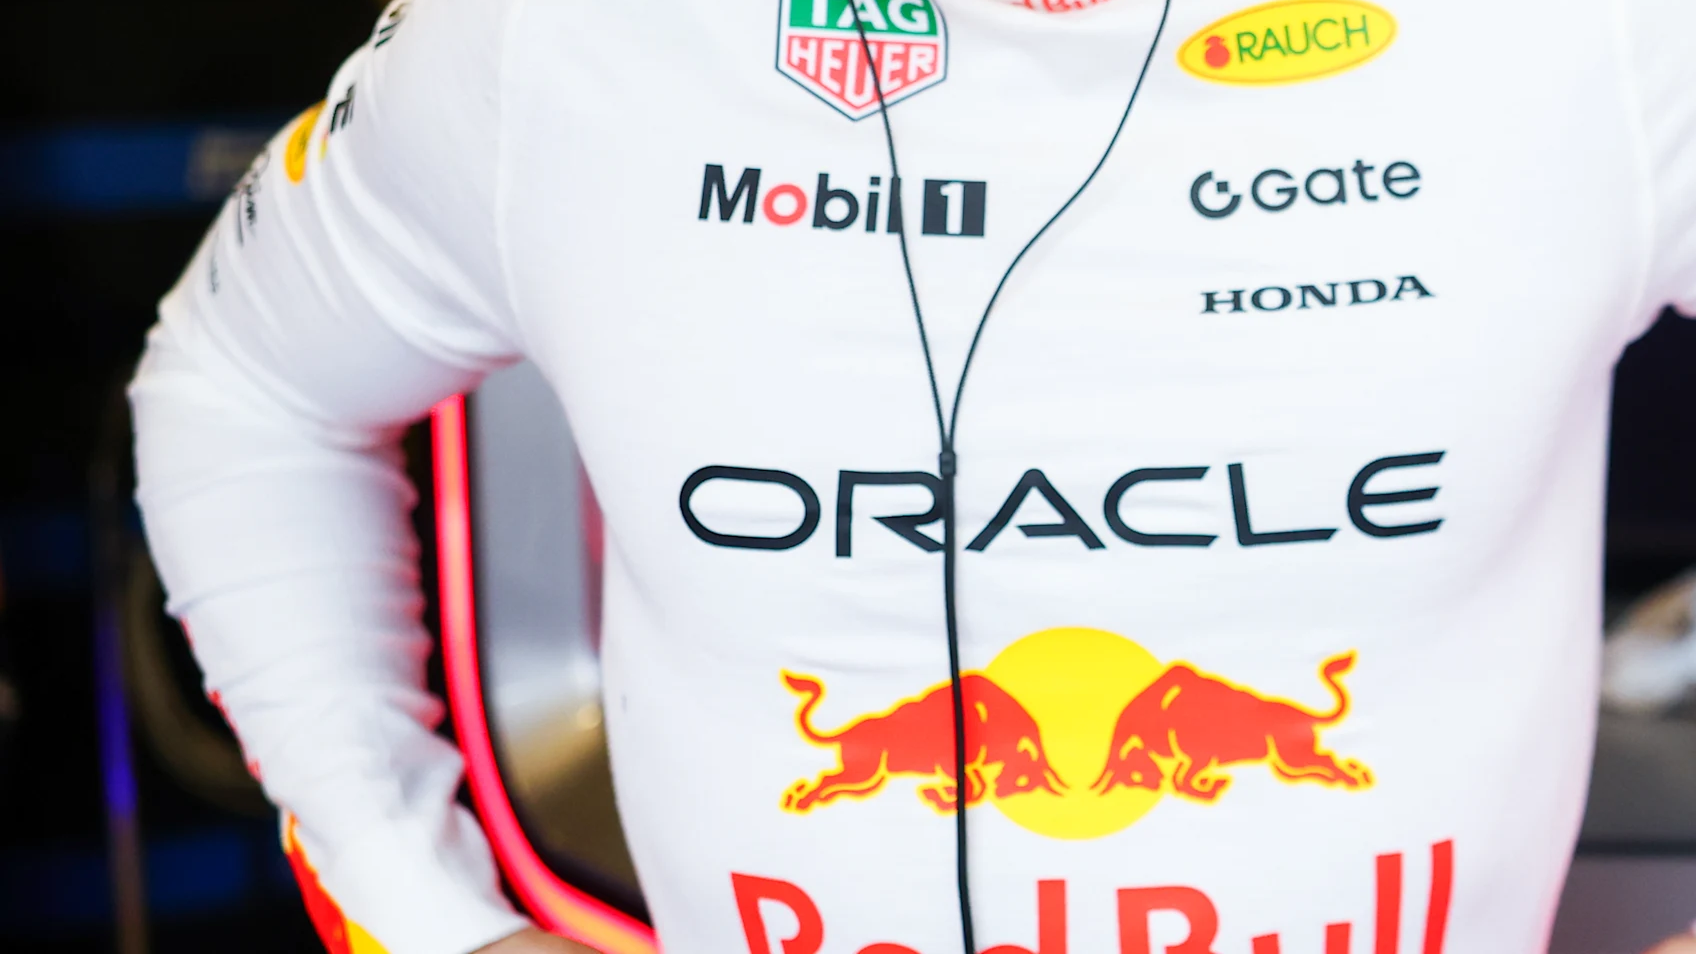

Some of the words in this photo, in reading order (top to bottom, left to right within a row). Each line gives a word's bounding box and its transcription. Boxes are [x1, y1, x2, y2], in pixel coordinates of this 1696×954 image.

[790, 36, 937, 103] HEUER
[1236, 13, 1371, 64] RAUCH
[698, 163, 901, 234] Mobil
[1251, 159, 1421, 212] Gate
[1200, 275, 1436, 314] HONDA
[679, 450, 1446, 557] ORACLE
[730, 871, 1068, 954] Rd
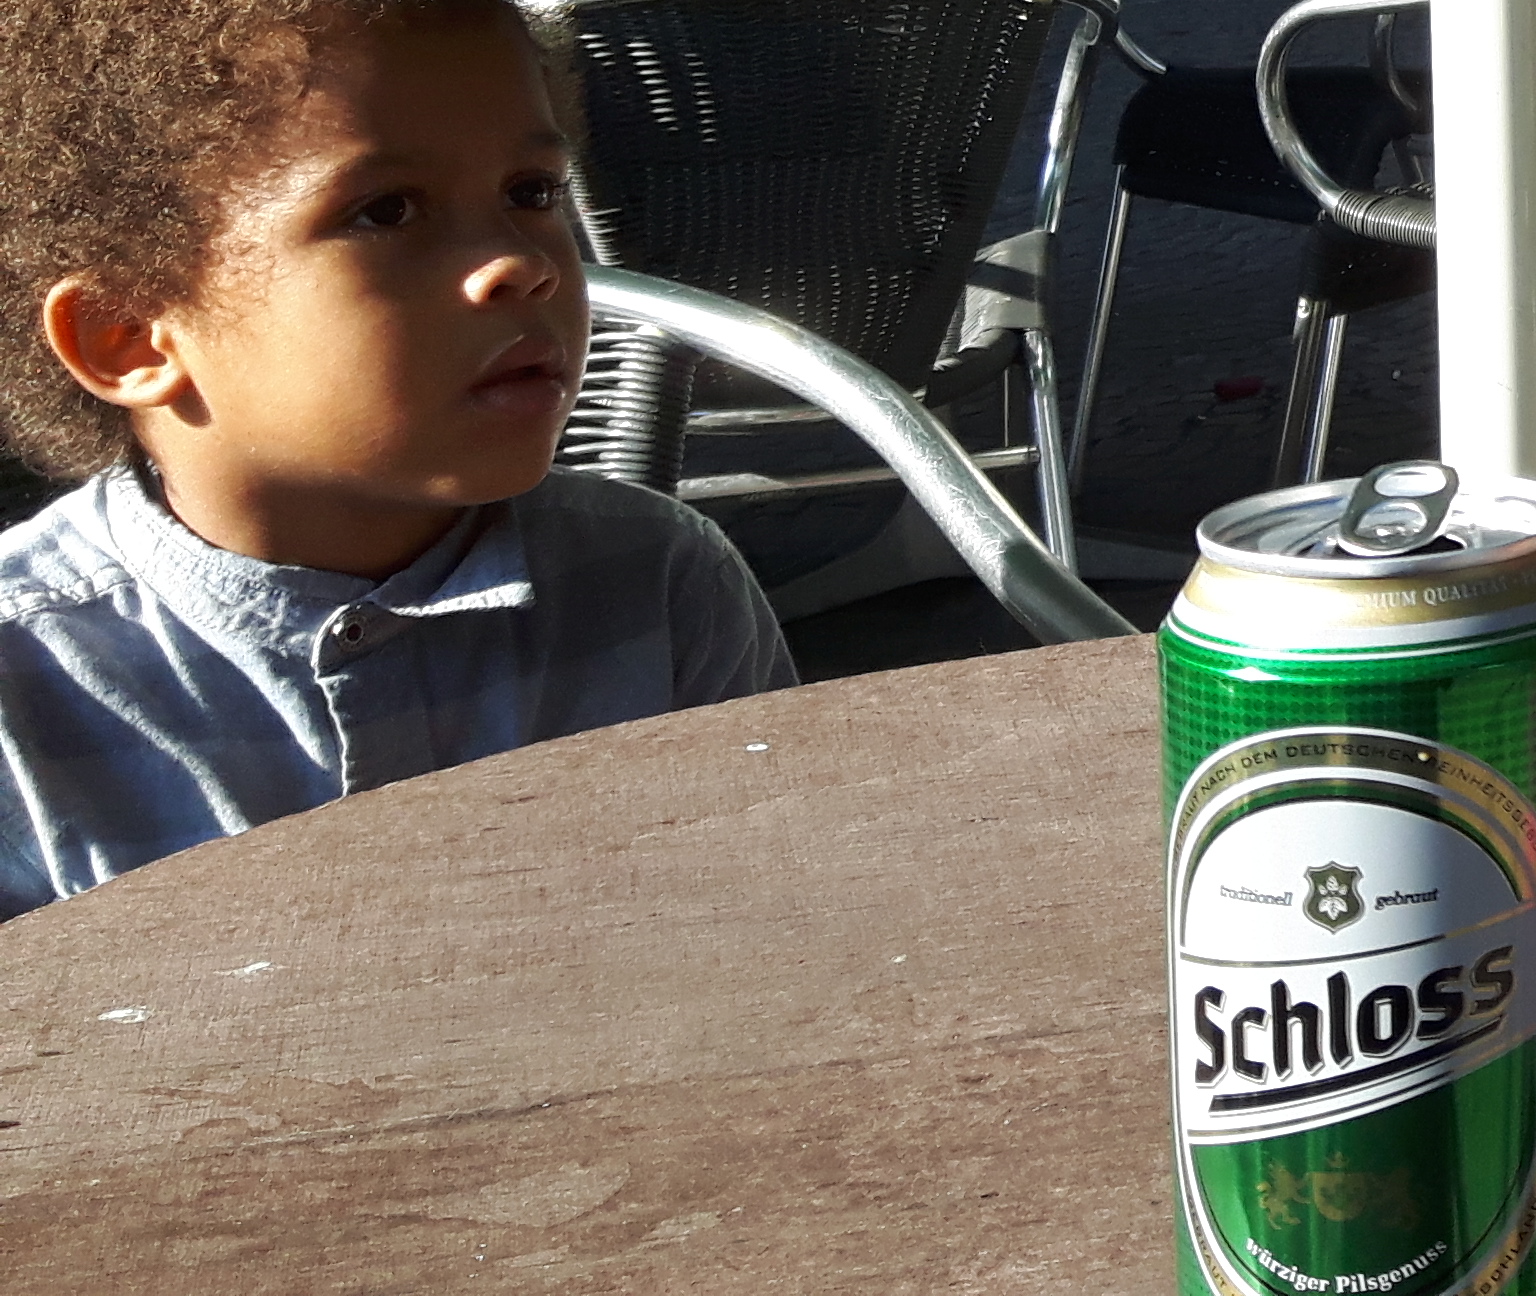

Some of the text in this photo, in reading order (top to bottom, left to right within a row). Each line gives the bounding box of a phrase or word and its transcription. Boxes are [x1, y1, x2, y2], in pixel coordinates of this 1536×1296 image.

Problem
From the first line to the last, retype the data exactly, without images.

Your solution
Some of the words in this photo, in reading order (top to bottom, left to right within a row). Each line gives a word's bounding box and its transcription. Boxes are [x1, y1, x2, y2], in pixel coordinates of this 1696×954 image.

[790, 36, 937, 103] HEUER
[1236, 13, 1371, 64] RAUCH
[698, 163, 901, 234] Mobil
[1251, 159, 1421, 212] Gate
[1200, 275, 1436, 314] HONDA
[679, 450, 1446, 557] ORACLE
[730, 871, 1068, 954] Rd

Some of the text in this photo, in reading order (top to bottom, left to right within a row). Each line gives the bounding box of a phrase or word and its transcription. Boxes are [x1, y1, x2, y2], in pixel coordinates of this 1536×1296 image.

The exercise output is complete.